* **Task statement**
Return each line of the listing exactly as written.
*** Block opens ***
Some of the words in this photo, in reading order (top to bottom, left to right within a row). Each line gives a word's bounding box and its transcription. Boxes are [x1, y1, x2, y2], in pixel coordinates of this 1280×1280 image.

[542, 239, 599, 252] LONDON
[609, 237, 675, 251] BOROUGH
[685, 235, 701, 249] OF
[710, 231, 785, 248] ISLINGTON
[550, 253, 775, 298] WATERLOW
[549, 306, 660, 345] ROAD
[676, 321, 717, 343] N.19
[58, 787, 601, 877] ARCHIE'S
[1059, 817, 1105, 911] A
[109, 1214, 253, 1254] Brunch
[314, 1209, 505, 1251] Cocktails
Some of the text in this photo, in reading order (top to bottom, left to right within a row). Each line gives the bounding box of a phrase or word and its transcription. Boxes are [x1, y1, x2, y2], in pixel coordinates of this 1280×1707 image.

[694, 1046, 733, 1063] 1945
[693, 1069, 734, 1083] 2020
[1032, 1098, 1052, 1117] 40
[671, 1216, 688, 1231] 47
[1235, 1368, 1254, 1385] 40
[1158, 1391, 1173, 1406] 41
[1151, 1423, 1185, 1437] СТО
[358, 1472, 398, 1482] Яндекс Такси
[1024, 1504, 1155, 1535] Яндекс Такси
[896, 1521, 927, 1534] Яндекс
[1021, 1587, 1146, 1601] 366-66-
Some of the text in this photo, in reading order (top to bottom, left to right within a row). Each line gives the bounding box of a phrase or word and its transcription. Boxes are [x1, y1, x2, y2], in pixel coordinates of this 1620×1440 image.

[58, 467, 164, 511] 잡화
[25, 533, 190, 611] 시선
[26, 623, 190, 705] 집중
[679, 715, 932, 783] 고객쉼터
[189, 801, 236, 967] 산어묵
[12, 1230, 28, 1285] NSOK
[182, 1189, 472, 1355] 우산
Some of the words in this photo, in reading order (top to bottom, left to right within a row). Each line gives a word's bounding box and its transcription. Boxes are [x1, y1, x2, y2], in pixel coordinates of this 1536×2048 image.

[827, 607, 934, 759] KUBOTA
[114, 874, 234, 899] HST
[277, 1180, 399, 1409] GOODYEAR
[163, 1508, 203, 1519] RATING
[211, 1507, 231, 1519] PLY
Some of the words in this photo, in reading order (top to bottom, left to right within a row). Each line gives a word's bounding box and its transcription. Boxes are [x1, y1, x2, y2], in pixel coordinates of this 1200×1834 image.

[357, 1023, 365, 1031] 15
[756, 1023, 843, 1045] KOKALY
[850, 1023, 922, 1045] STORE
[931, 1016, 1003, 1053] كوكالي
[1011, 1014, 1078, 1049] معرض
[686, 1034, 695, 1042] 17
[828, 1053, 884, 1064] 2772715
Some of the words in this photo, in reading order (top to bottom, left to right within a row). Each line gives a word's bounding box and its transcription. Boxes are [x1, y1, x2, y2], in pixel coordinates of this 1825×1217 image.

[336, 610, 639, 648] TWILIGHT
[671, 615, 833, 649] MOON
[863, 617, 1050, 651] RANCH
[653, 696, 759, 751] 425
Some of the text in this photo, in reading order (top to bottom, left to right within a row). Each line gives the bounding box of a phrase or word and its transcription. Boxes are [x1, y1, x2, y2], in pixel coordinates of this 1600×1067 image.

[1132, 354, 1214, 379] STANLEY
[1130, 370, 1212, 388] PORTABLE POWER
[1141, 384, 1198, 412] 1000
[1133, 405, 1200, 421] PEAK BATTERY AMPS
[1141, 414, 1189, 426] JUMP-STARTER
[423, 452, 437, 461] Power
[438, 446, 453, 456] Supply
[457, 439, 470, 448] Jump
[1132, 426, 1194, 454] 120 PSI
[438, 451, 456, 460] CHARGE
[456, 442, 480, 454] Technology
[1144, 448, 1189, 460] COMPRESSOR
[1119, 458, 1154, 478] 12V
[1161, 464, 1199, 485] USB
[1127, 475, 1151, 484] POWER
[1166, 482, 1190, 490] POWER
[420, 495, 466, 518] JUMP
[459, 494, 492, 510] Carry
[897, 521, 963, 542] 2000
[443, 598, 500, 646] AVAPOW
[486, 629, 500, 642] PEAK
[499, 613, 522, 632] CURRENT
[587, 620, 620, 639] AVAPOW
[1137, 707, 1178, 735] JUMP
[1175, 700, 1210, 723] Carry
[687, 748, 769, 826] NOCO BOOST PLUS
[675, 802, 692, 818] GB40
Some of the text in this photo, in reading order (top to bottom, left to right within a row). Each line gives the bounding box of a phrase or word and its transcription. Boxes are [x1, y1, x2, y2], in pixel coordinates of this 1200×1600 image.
*** Block closes ***
* **Task answer**
Some of the words in this photo, in reading order (top to bottom, left to right within a row). Each line gives a word's bounding box and its transcription. Boxes are [x1, y1, x2, y2], in pixel coordinates of this 1280×1280 image.

[542, 239, 599, 252] LONDON
[609, 237, 675, 251] BOROUGH
[685, 235, 701, 249] OF
[710, 231, 785, 248] ISLINGTON
[550, 253, 775, 298] WATERLOW
[549, 306, 660, 345] ROAD
[676, 321, 717, 343] N.19
[58, 787, 601, 877] ARCHIE'S
[1059, 817, 1105, 911] A
[109, 1214, 253, 1254] Brunch
[314, 1209, 505, 1251] Cocktails
Some of the text in this photo, in reading order (top to bottom, left to right within a row). Each line gives the bounding box of a phrase or word and its transcription. Boxes are [x1, y1, x2, y2], in pixel coordinates of this 1280×1707 image.

[694, 1046, 733, 1063] 1945
[693, 1069, 734, 1083] 2020
[1032, 1098, 1052, 1117] 40
[671, 1216, 688, 1231] 47
[1235, 1368, 1254, 1385] 40
[1158, 1391, 1173, 1406] 41
[1151, 1423, 1185, 1437] СТО
[358, 1472, 398, 1482] Яндекс Такси
[1024, 1504, 1155, 1535] Яндекс Такси
[896, 1521, 927, 1534] Яндекс
[1021, 1587, 1146, 1601] 366-66-
Some of the text in this photo, in reading order (top to bottom, left to right within a row). Each line gives the bounding box of a phrase or word and its transcription. Boxes are [x1, y1, x2, y2], in pixel coordinates of this 1620×1440 image.

[58, 467, 164, 511] 잡화
[25, 533, 190, 611] 시선
[26, 623, 190, 705] 집중
[679, 715, 932, 783] 고객쉼터
[189, 801, 236, 967] 산어묵
[12, 1230, 28, 1285] NSOK
[182, 1189, 472, 1355] 우산
Some of the words in this photo, in reading order (top to bottom, left to right within a row). Each line gives a word's bounding box and its transcription. Boxes are [x1, y1, x2, y2], in pixel coordinates of this 1536×2048 image.

[827, 607, 934, 759] KUBOTA
[114, 874, 234, 899] HST
[277, 1180, 399, 1409] GOODYEAR
[163, 1508, 203, 1519] RATING
[211, 1507, 231, 1519] PLY
Some of the words in this photo, in reading order (top to bottom, left to right within a row). Each line gives a word's bounding box and its transcription. Boxes are [x1, y1, x2, y2], in pixel coordinates of this 1200×1834 image.

[357, 1023, 365, 1031] 15
[756, 1023, 843, 1045] KOKALY
[850, 1023, 922, 1045] STORE
[931, 1016, 1003, 1053] كوكالي
[1011, 1014, 1078, 1049] معرض
[686, 1034, 695, 1042] 17
[828, 1053, 884, 1064] 2772715
Some of the words in this photo, in reading order (top to bottom, left to right within a row). Each line gives a word's bounding box and its transcription. Boxes are [x1, y1, x2, y2], in pixel coordinates of this 1825×1217 image.

[336, 610, 639, 648] TWILIGHT
[671, 615, 833, 649] MOON
[863, 617, 1050, 651] RANCH
[653, 696, 759, 751] 425
Some of the text in this photo, in reading order (top to bottom, left to right within a row). Each line gives the bounding box of a phrase or word and its transcription. Boxes are [x1, y1, x2, y2], in pixel coordinates of this 1600×1067 image.

[1132, 354, 1214, 379] STANLEY
[1130, 370, 1212, 388] PORTABLE POWER
[1141, 384, 1198, 412] 1000
[1133, 405, 1200, 421] PEAK BATTERY AMPS
[1141, 414, 1189, 426] JUMP-STARTER
[423, 452, 437, 461] Power
[438, 446, 453, 456] Supply
[457, 439, 470, 448] Jump
[1132, 426, 1194, 454] 120 PSI
[438, 451, 456, 460] CHARGE
[456, 442, 480, 454] Technology
[1144, 448, 1189, 460] COMPRESSOR
[1119, 458, 1154, 478] 12V
[1161, 464, 1199, 485] USB
[1127, 475, 1151, 484] POWER
[1166, 482, 1190, 490] POWER
[420, 495, 466, 518] JUMP
[459, 494, 492, 510] Carry
[897, 521, 963, 542] 2000
[443, 598, 500, 646] AVAPOW
[486, 629, 500, 642] PEAK
[499, 613, 522, 632] CURRENT
[587, 620, 620, 639] AVAPOW
[1137, 707, 1178, 735] JUMP
[1175, 700, 1210, 723] Carry
[687, 748, 769, 826] NOCO BOOST PLUS
[675, 802, 692, 818] GB40
Some of the text in this photo, in reading order (top to bottom, left to right within a row). Each line gives the bounding box of a phrase or word and its transcription. Boxes are [x1, y1, x2, y2], in pixel coordinates of this 1200×1600 image.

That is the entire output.